Her kitchen wall had marks of stone-pelting.
She alleged the attackers made threats of killing Hindus and raping their daughters and sisters.
Another resident, Kejram Ramesh, said that around 9 pm when he returned home from work, a neighbour, Iqbal, came to him saying, "we are all brothers. Don't worry, we will live here together peacefully. We will not take names of each other.”
As soon as he got out of his house, stones were pelted at his home, he said. The rioters first attacked the electricity meter to cut the power supply and then attacked them with stones and petrol bombs, he said, and added that some of the attackers were locals while many others were “outsiders”, who he had not seen before.
Ikhlakh Khan, brother of deceased Ibresh Khan, said in a video statement recently that his brother was in Anand Nagar when he was attacked. He said that he had gone to the mosque to break his Ramzan fast when locals beat him up.
Bhatwadi Mohalla
This mohalla has congested lanes with locks hung on almost every other door. Heavy police deployment could be seen.
It was in this area where a video showed a building burning, which went viral.
There is a mosque, near which a small temple named Divya Shakti Hanumana Temple is situated. A man was sitting here. He said his name was Jitendra Thakur. On 10 April, rioters pelted stones in this colony chanting, "Kill Hindus, cut them into pieces", he claimed.
It’s a Muslim-populated colony with only five Hindu families, he said.
“Riots have happened in this area earlier too, but this was bigger and more damaging. I am 62. I have never seen a riot of this kind.
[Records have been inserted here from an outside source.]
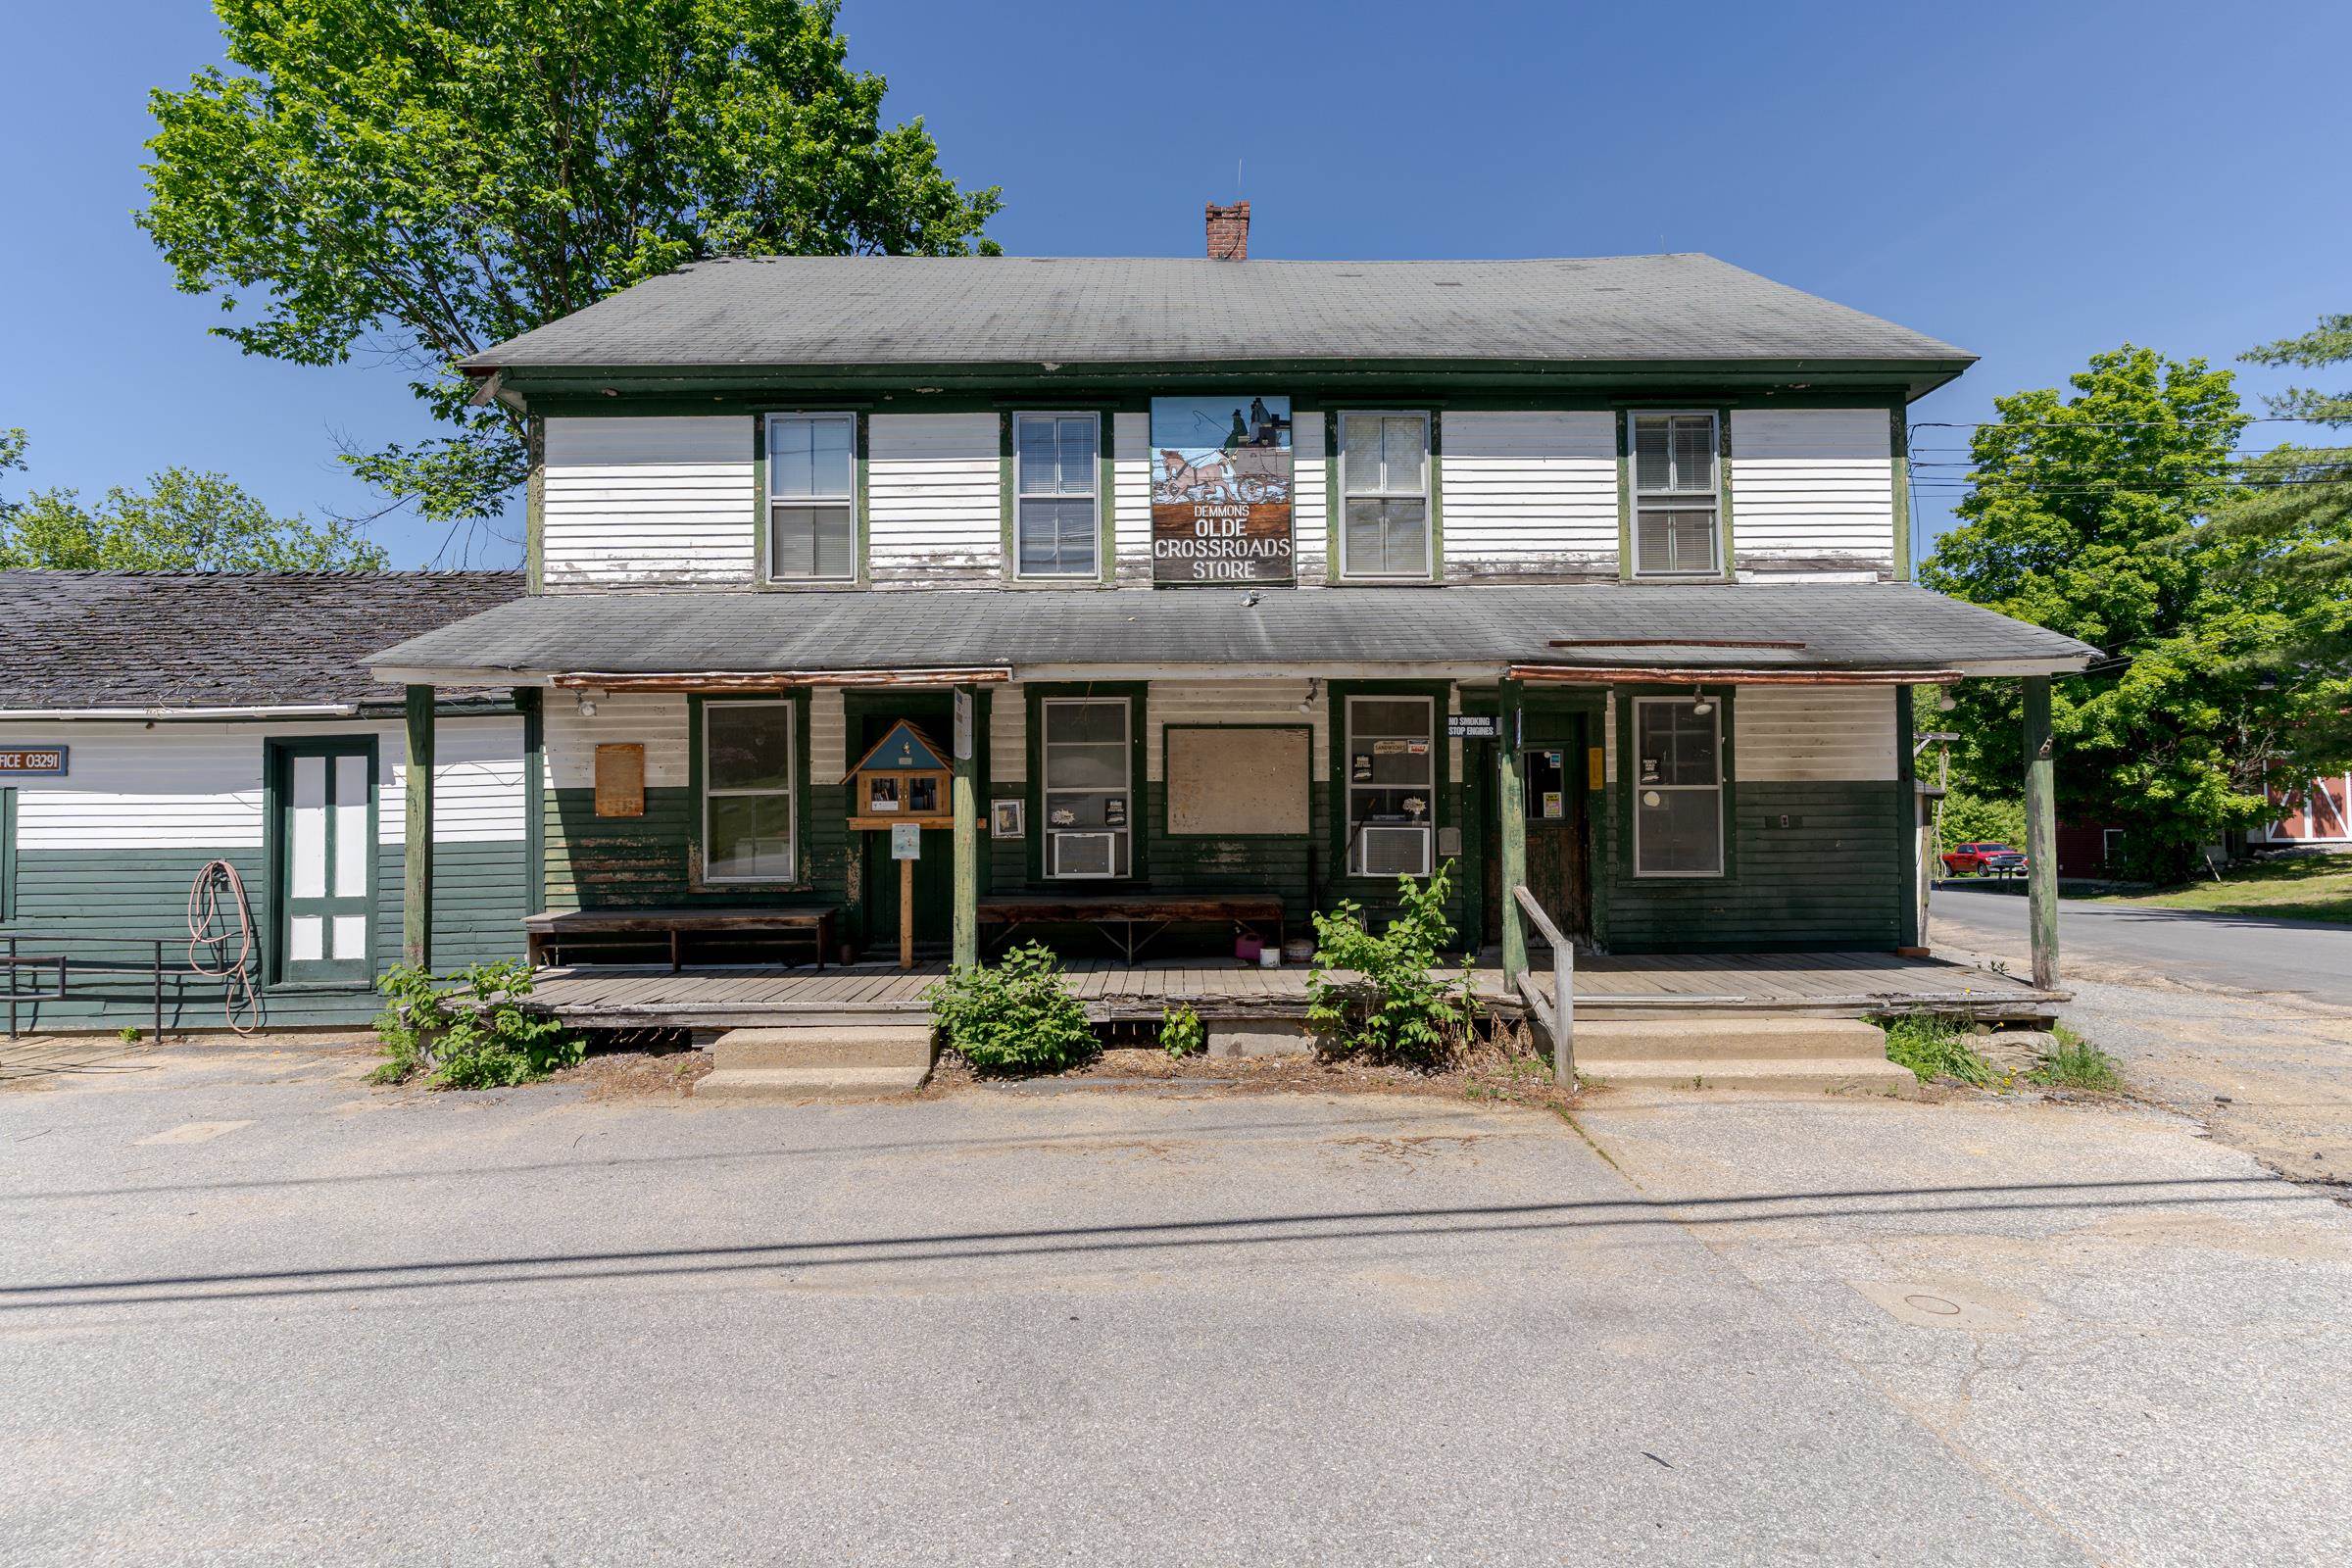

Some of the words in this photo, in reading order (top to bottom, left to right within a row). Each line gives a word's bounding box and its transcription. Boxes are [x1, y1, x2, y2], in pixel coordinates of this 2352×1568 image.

[1194, 505, 1250, 517] DEMMONS
[1195, 518, 1248, 537] OLDE
[1154, 538, 1291, 558] CROSSROADS
[1193, 561, 1255, 579] STORE
[26, 755, 58, 767] 03291
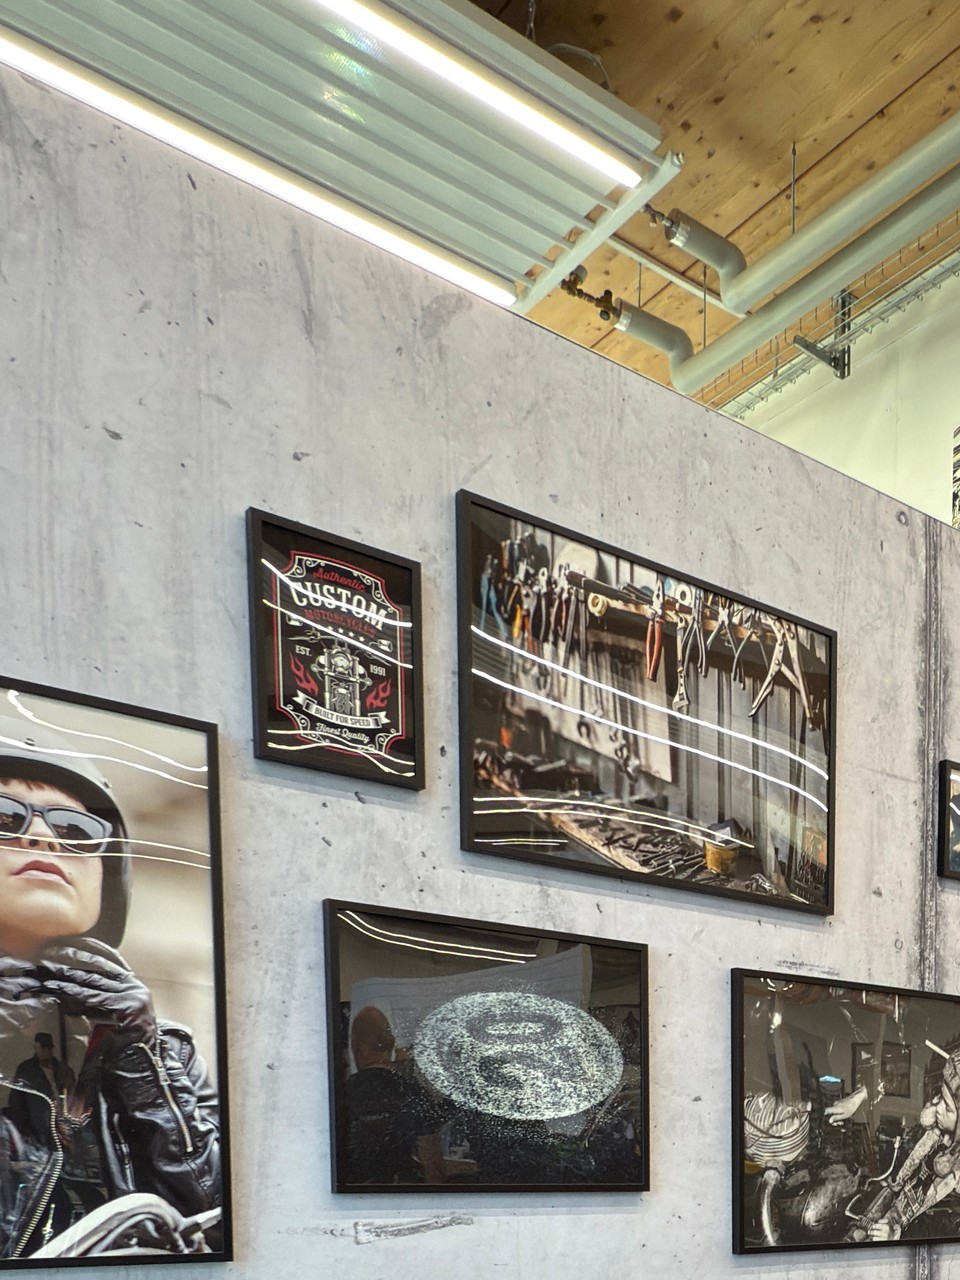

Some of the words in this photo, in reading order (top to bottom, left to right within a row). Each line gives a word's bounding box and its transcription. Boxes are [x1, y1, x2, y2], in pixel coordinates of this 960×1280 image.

[313, 568, 365, 592] Authentic
[290, 581, 388, 631] CUSTOM
[304, 609, 377, 638] MOTORCYCLES
[295, 645, 312, 656] EST.
[369, 664, 386, 677] 1991
[314, 705, 334, 720] BUILT
[335, 714, 349, 724] FOR
[350, 718, 371, 727] SPEED
[316, 722, 340, 736] Finest
[341, 728, 371, 743] Quality
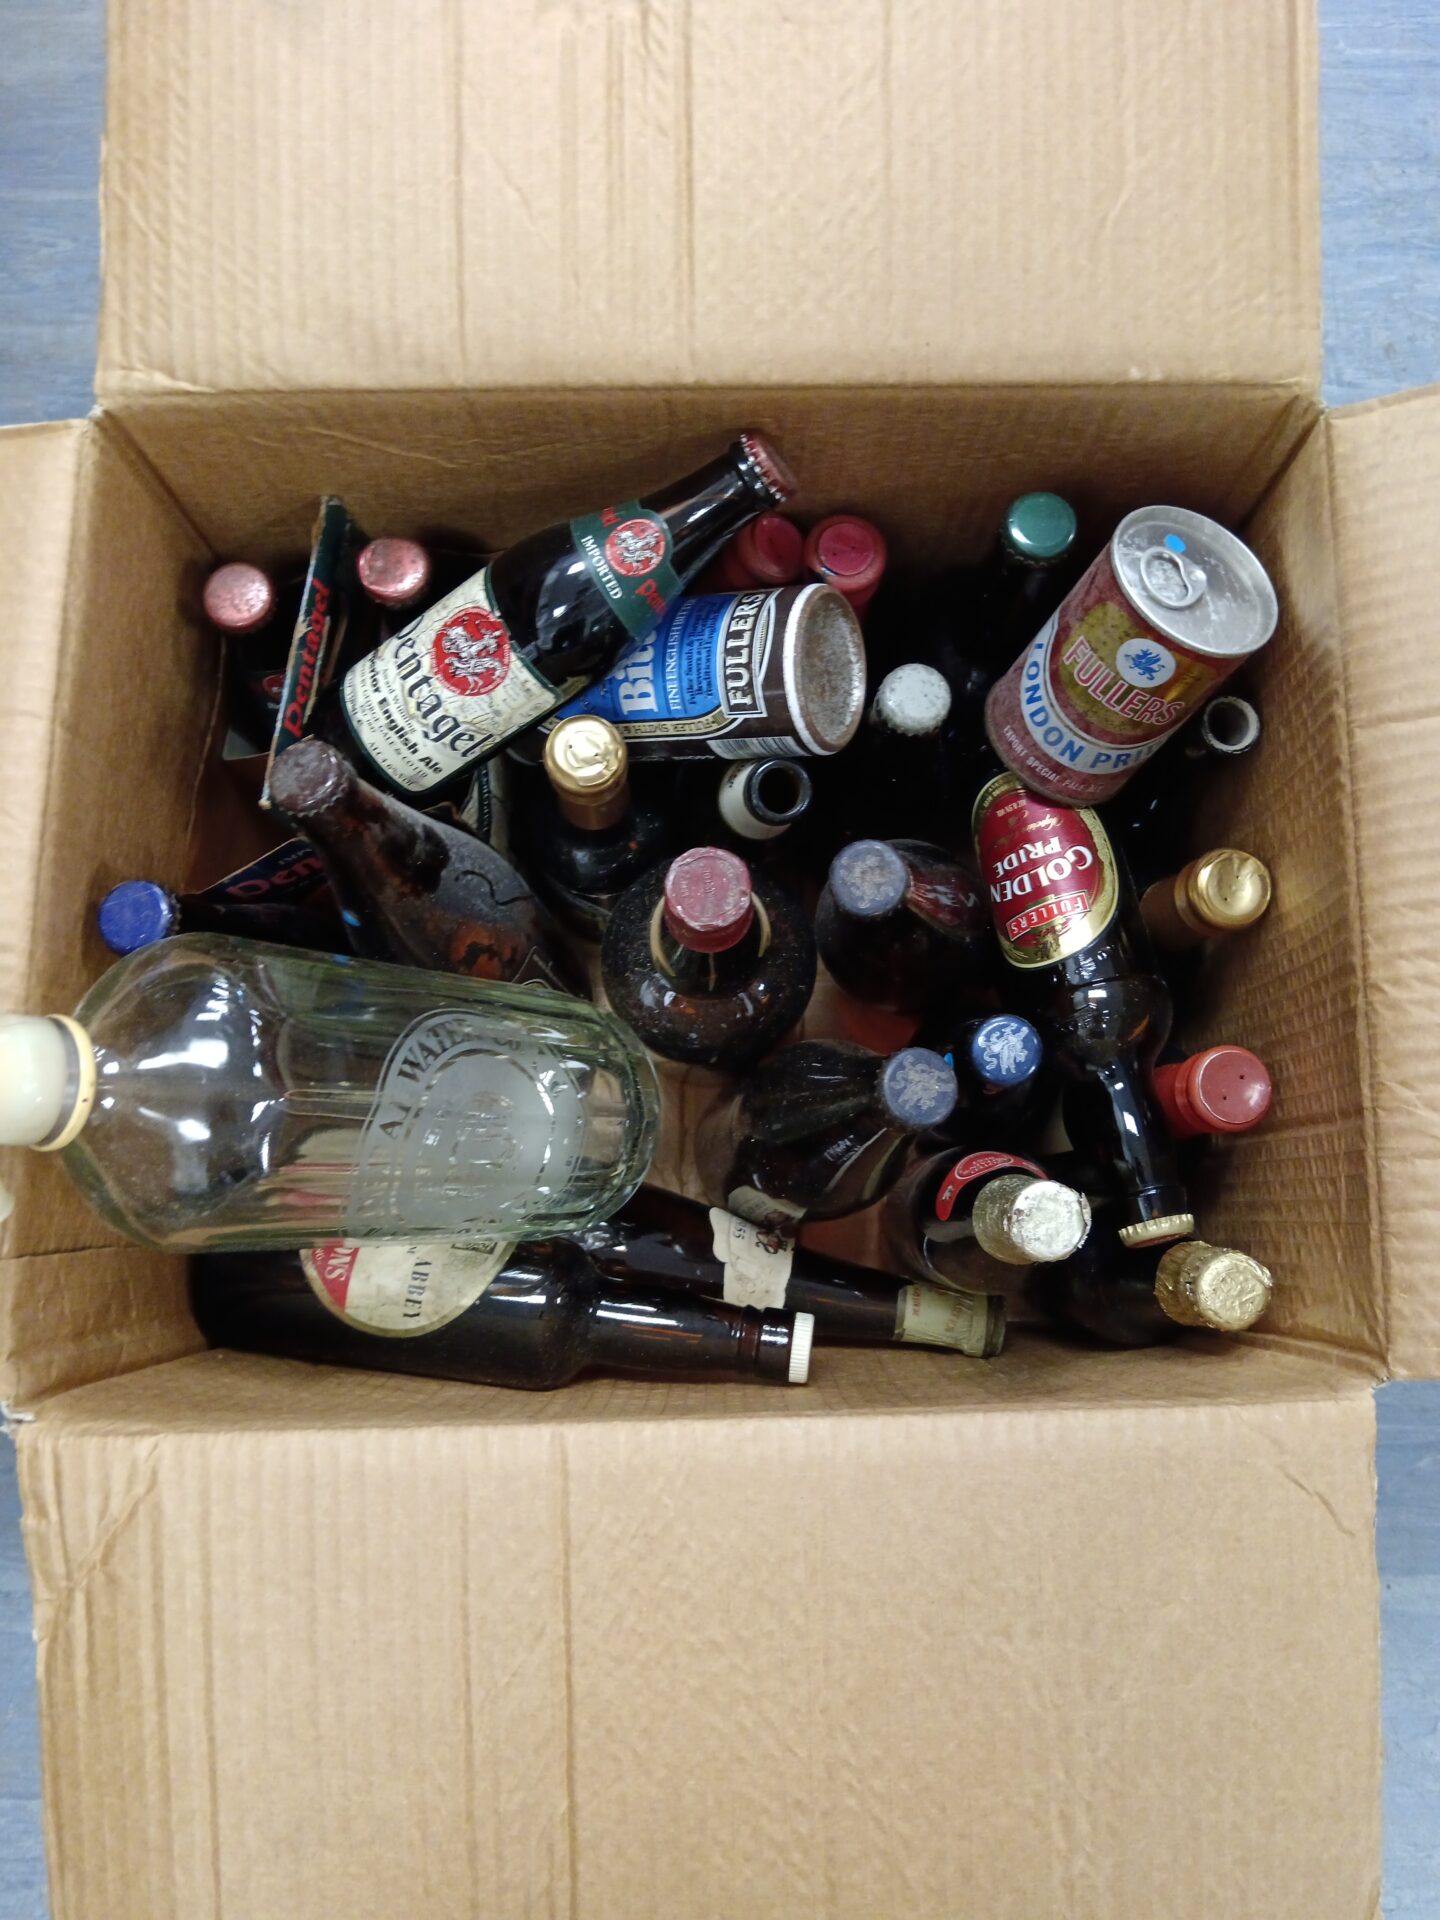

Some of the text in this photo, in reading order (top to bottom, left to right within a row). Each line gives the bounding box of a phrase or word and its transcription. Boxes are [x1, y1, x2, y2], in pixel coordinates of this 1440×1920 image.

Even the 1992 riot was less intense than this one,” he said.
All shops here were shut as the curfew was in place.
Moving in the streets, I met a man named Naushad Muslaman. He said he was angry with the administration as many of his relatives had lost their shelter in the demolition drives.
He added, “Ramadan is going on and our people are left in tears. We cannot go meet them as curfew is imposed. Where will they go?“
He did not allow this correspondent to take pictures of him or his house.
Tavdi Mohalla
In this Muslim-populated colony, Nasir, a resident, said that a mob of more than 50 people pelted stones at his house and tried to break open the iron gate to enter. He said that they were hurling communal abuses at Muslims and asked him to come and face them.
The Bulldozer Trials
As many as 50 houses and shops belonging to rioters have reportedly been demolished after 10 April. Madhya Pradesh Home Minister Narottam Mishra told the media after the violence that he would “turn those houses into a heap of stones who have pelted stones in Khargone”.
I went to Ibrahimpura, which is located around 7 kilometres from Talab Square, but no one was ready to talk to the media.
Several “illegally constructed houses” have been demolished here.
A man, Sheru Khan, was the only one who talked. He pointed to a demolished house and said that the family was currently staying at a cow shelter. ”They spent all night sitting in front of the debris. We offered them food and shelter, but they left the area in tears. Later, we heard some cow shelter accommodated them,” Khan said.
What Followed After My Visit
On 20 April, curfew restrictions were partially lifted and residents were allowed to get out of their homes to get essential items from 8 am to 12 pm and from 3 pm to 5 pm. However, the curfew is still in place.
District Magistrate Anugraha P has reportedly met the victim families and assured them that they would be compensated by the state for their loss.
A boy named Sahil Khan was arrested for a social media post where he threatened to abduct Hindu women.